→ Extracted information
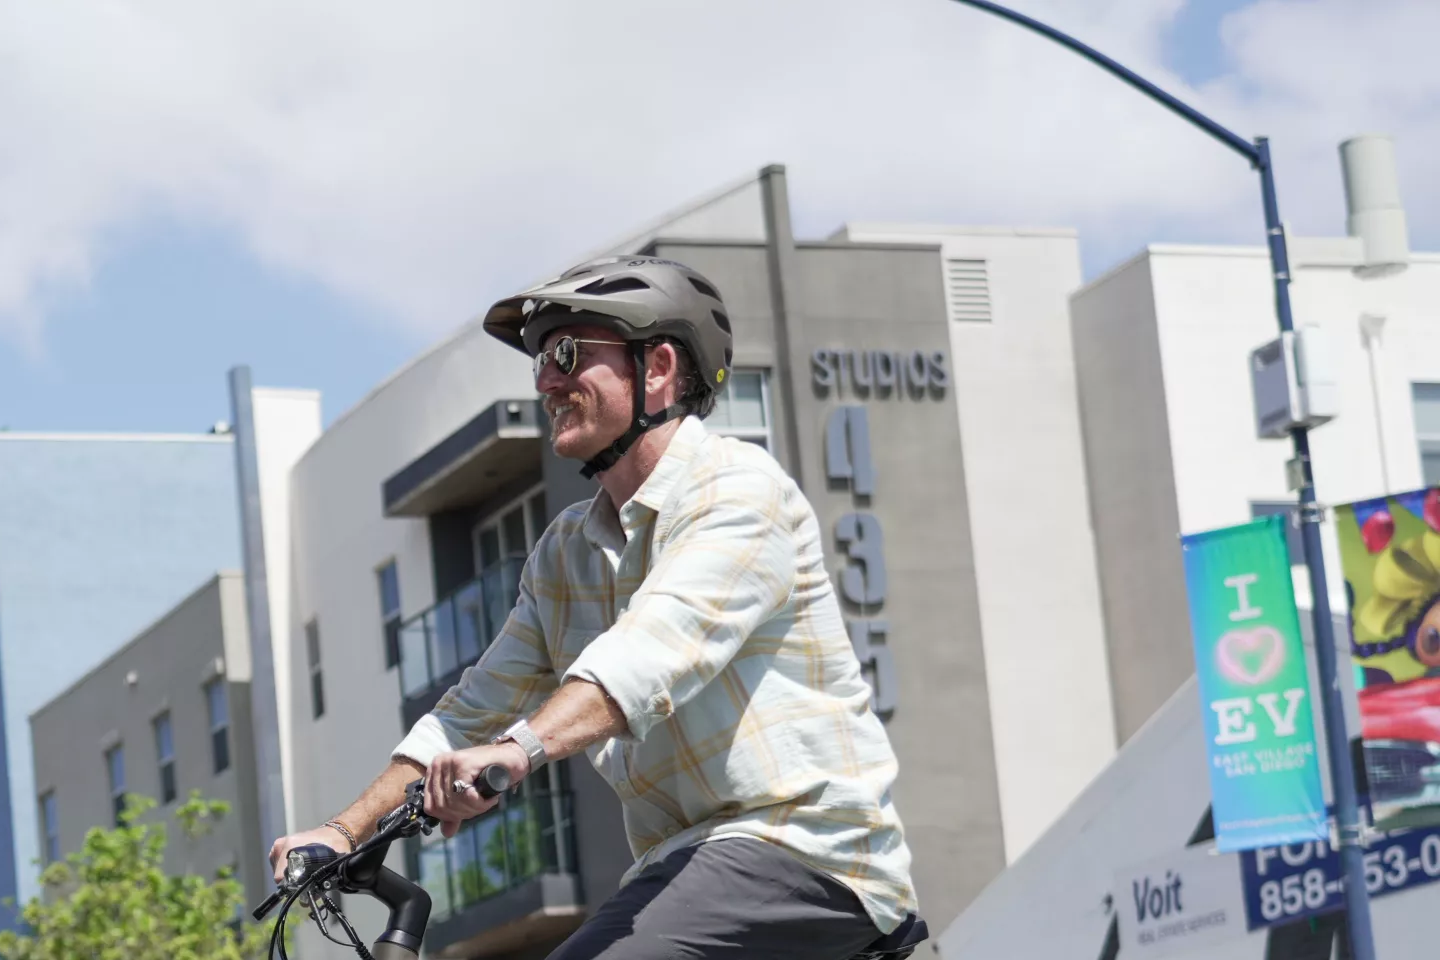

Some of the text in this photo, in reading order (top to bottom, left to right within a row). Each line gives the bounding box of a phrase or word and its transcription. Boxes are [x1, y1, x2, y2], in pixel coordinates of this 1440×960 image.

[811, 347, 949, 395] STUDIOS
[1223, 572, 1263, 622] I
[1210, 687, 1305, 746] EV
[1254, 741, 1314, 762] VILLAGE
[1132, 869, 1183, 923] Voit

→ Exercise brief
Before copying the data, remove the pictures. Then repeat the rest exactly.

→ Result of the exercise
Some of the text in this photo, in reading order (top to bottom, left to right within a row). Each line gives the bounding box of a phrase or word and its transcription. Boxes are [x1, y1, x2, y2], in pixel coordinates of this 1440×960 image.

[811, 347, 949, 395] STUDIOS
[1223, 572, 1263, 622] I
[1210, 687, 1305, 746] EV
[1254, 741, 1314, 762] VILLAGE
[1132, 869, 1183, 923] Voit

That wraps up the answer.